◆ Prompt ◆
What is needed is an exact copy of the listing, with no pictures in it.

◆ Entries supplied ◆
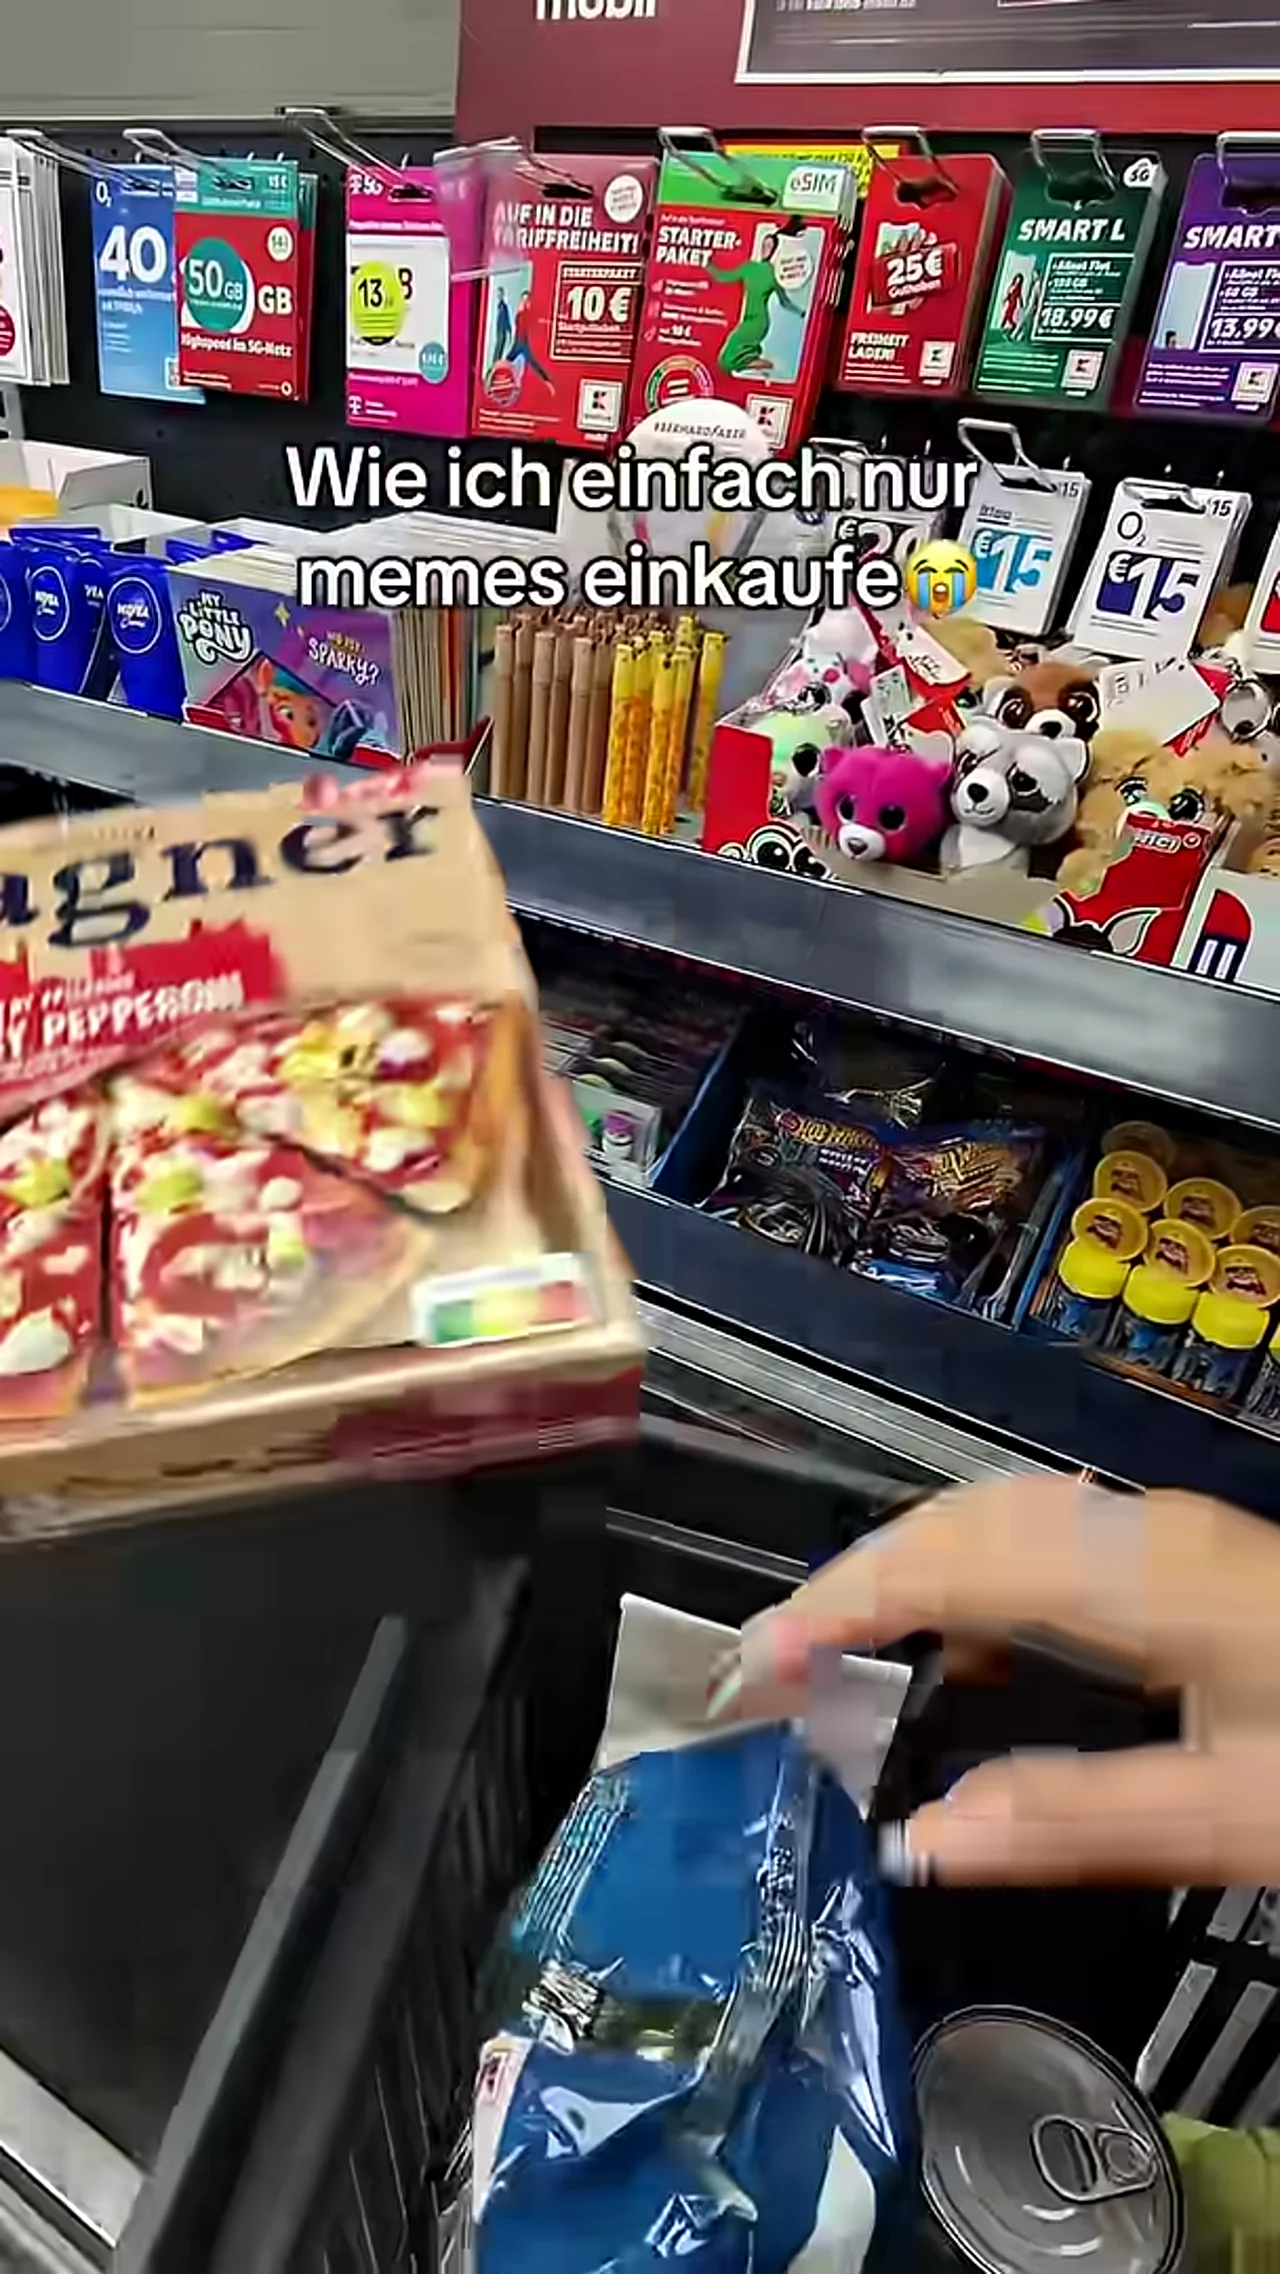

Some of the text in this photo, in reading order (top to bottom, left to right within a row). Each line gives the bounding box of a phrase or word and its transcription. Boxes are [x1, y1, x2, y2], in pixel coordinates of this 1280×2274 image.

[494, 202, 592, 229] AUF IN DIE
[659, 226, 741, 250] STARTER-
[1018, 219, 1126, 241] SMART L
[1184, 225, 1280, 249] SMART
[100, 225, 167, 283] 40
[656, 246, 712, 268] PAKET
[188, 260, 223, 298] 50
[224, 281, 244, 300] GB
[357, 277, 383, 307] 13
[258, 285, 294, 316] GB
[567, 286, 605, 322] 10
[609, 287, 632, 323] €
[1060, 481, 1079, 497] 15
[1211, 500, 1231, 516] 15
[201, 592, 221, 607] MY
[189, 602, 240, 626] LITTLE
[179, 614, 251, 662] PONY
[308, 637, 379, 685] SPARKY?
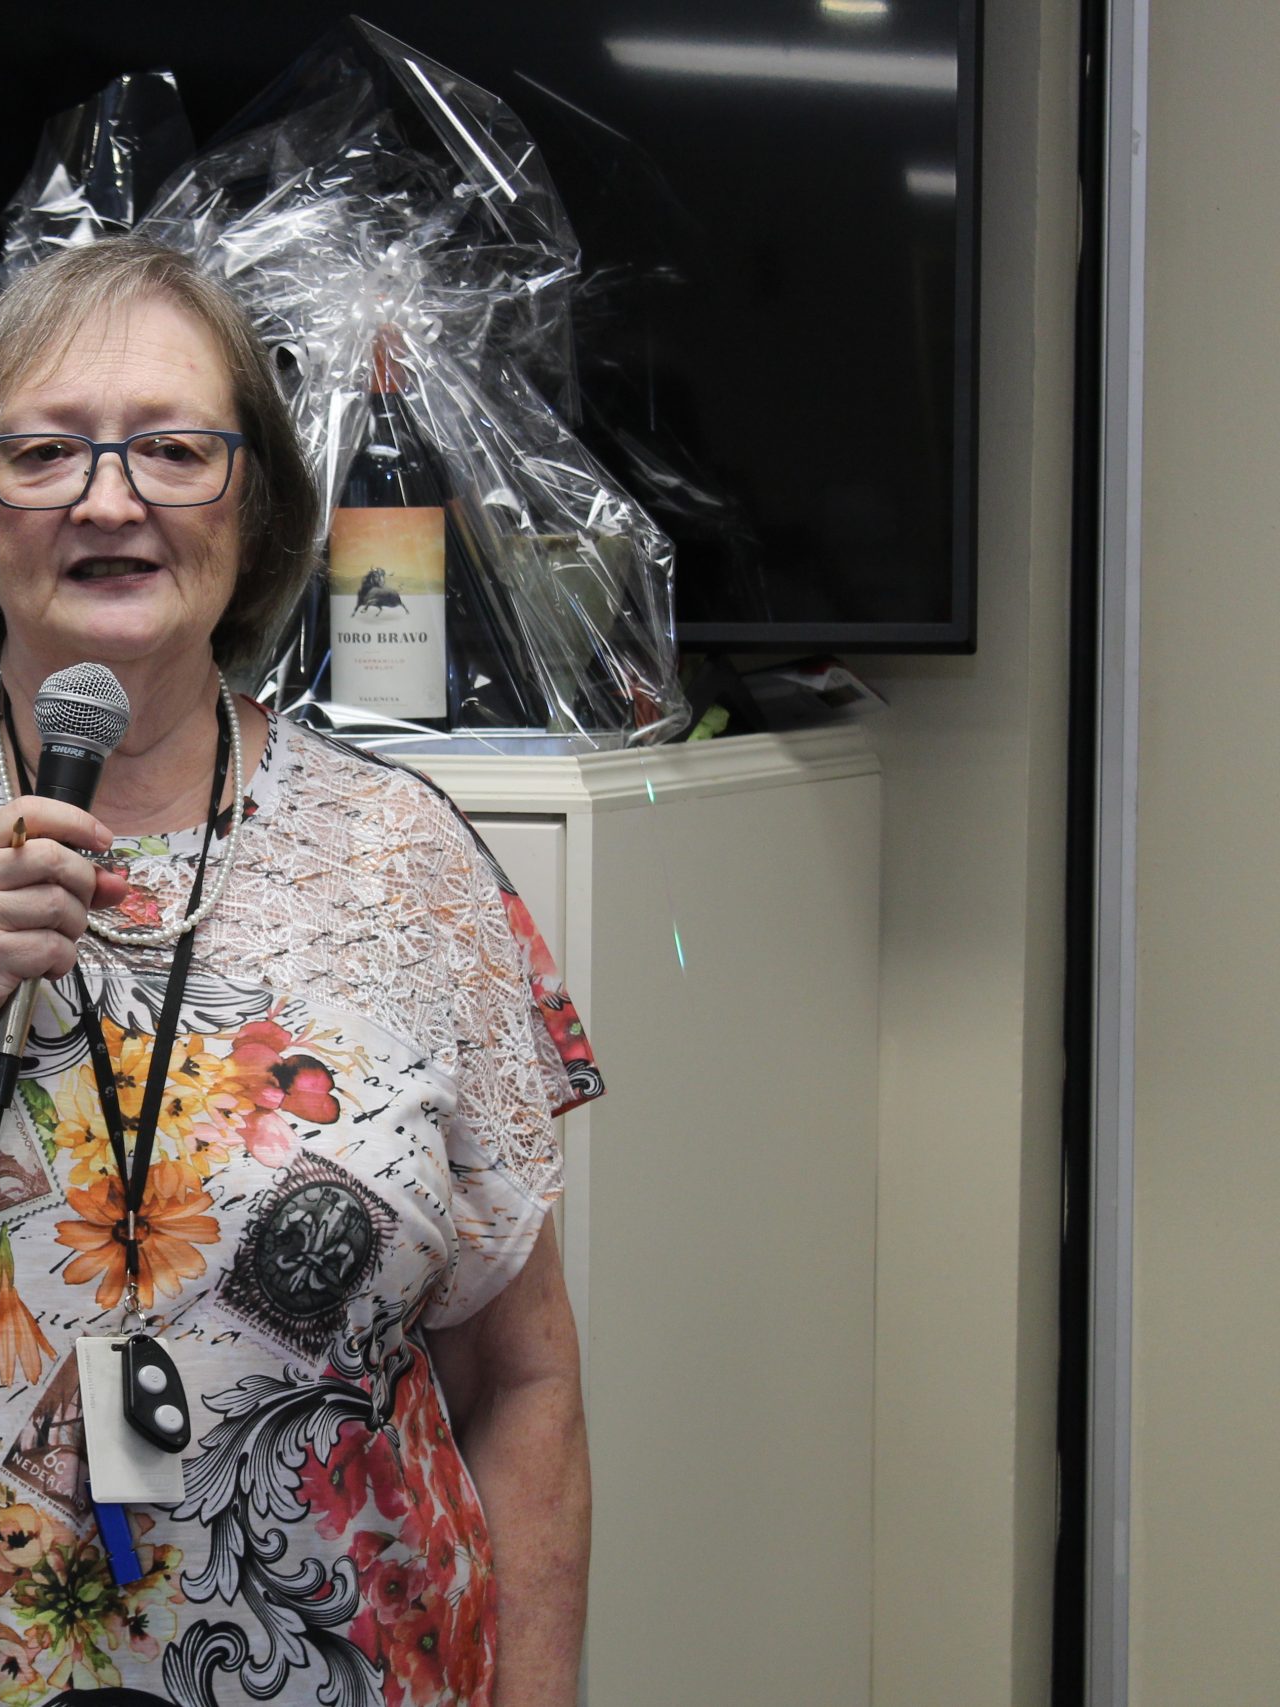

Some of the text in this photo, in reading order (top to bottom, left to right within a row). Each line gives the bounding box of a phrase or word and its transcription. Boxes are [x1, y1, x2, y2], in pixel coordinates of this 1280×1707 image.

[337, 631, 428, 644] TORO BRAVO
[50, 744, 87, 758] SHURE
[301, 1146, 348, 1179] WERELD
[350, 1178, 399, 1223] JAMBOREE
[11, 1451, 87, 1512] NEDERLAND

◆ Output for this task ◆
Some of the text in this photo, in reading order (top to bottom, left to right within a row). Each line gives the bounding box of a phrase or word and its transcription. Boxes are [x1, y1, x2, y2], in pixel coordinates of this 1280×2274 image.

[494, 202, 592, 229] AUF IN DIE
[659, 226, 741, 250] STARTER-
[1018, 219, 1126, 241] SMART L
[1184, 225, 1280, 249] SMART
[100, 225, 167, 283] 40
[656, 246, 712, 268] PAKET
[188, 260, 223, 298] 50
[224, 281, 244, 300] GB
[357, 277, 383, 307] 13
[258, 285, 294, 316] GB
[567, 286, 605, 322] 10
[609, 287, 632, 323] €
[1060, 481, 1079, 497] 15
[1211, 500, 1231, 516] 15
[201, 592, 221, 607] MY
[189, 602, 240, 626] LITTLE
[179, 614, 251, 662] PONY
[308, 637, 379, 685] SPARKY?

Some of the text in this photo, in reading order (top to bottom, left to right within a row). Each line gives the bounding box of a phrase or word and its transcription. Boxes are [x1, y1, x2, y2], in pixel coordinates of this 1280×1707 image.

[337, 631, 428, 644] TORO BRAVO
[50, 744, 87, 758] SHURE
[301, 1146, 348, 1179] WERELD
[350, 1178, 399, 1223] JAMBOREE
[11, 1451, 87, 1512] NEDERLAND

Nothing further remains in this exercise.